Sélectionnez Density Quant et ajustez la barre de détection. Ajustez les niveaux de score jusqu’à ce que l’intensité de coloration des zones encerclées soit similaire à celle des images originales, et stockez et nommez le modèle comme un nouveau fichier, puis appliquez le modèle à d’autres diapositives et sélectionnez Annotation sélectionnée pour laisser le logiciel calculer automatiquement le score APE pour les régions d’intérêt pour chaque image. Le balayage numérique de glissière entière des sections de tissu de poumon de tumeur et des tissus non tumoraux adjacents des spécimens non-petites cellules de cancer de poumon produit des images numériques d’une qualité élevée.
Les scores des APE calculés à partir de ces types d’échantillons de cancer du poumon sont généralement significativement plus élevés que ceux déterminés pour les tissus non cancéreux adjacents. En outre, les niveaux d’expression de ZWINT dans les sections squamous-cellule de tissu de carcinome sont fréquemment déterminés pour être sensiblement plus élevés que ceux mesurés dans des échantillons de tissu d’abnocarcinome. Tout en essayant cette procédure, il est important de se rappeler de se préparer avec la haute qualité des secteurs de tumeur ou de tumeur pendant le balayage pathologique.

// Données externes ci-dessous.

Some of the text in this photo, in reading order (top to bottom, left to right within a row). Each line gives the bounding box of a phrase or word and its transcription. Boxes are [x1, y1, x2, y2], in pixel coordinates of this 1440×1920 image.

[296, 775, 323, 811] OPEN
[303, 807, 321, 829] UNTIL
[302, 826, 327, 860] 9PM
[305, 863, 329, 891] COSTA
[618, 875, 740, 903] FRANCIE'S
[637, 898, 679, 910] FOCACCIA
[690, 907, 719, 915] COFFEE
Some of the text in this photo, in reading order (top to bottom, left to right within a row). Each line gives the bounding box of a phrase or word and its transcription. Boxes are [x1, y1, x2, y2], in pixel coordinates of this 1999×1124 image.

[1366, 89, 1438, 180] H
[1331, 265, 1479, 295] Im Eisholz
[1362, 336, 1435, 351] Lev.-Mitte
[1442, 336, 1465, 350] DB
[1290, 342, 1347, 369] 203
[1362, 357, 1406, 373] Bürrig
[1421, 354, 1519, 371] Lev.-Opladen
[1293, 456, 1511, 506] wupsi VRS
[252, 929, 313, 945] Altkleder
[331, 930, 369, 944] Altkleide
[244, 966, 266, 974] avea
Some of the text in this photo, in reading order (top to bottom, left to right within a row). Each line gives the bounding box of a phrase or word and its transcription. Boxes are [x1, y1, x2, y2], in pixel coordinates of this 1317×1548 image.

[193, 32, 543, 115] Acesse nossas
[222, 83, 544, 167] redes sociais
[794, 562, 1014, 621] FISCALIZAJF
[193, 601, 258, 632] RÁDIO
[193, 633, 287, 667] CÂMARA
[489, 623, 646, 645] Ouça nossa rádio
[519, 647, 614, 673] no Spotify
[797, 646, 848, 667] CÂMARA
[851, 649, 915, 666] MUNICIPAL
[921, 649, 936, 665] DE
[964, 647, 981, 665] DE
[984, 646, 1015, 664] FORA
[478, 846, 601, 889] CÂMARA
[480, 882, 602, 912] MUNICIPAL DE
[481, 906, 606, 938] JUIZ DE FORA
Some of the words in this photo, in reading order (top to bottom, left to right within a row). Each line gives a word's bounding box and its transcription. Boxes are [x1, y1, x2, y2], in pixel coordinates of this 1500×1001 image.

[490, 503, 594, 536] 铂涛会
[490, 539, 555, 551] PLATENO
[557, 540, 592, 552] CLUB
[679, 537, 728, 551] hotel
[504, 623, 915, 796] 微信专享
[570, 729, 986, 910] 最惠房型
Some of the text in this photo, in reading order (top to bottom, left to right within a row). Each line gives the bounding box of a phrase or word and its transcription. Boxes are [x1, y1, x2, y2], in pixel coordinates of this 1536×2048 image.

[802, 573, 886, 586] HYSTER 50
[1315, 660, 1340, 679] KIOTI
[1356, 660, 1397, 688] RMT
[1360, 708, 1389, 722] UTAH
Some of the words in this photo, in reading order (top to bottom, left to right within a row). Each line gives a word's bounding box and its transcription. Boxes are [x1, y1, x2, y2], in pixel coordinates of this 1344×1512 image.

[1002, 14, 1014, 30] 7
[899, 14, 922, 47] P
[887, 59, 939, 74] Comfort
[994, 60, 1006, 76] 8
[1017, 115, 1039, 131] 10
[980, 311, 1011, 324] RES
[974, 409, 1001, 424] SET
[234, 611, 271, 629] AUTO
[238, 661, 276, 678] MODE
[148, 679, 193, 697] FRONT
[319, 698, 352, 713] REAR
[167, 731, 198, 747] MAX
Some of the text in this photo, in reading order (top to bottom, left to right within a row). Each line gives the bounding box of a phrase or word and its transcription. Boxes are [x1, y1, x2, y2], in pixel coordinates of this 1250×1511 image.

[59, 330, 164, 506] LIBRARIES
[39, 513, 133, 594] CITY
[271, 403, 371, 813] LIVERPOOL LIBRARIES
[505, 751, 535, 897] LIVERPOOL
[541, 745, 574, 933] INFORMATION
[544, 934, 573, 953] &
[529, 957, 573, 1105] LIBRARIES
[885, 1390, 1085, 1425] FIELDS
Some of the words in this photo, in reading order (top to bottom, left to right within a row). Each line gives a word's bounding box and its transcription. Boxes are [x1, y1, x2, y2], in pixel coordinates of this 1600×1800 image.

Suite à cette procédure, d’autres méthodes de la microscopie peuvent être effectuées afin de répondre à d’autres questions. Ni la méthode ou la méthode différente pour la numérisation pathologique. Après cette technique a ouvert la voie pour les chercheurs dans le domaine de la numérisation pathologique pour explorer le diagnostic numérique dans le but de recherche.
N’oubliez pas que travailler avec du paraformaldéhyde peut être extrêmement dangereux et des précautions telles que des masques doivent toujours être prises lors de l’exécution de cette procédure.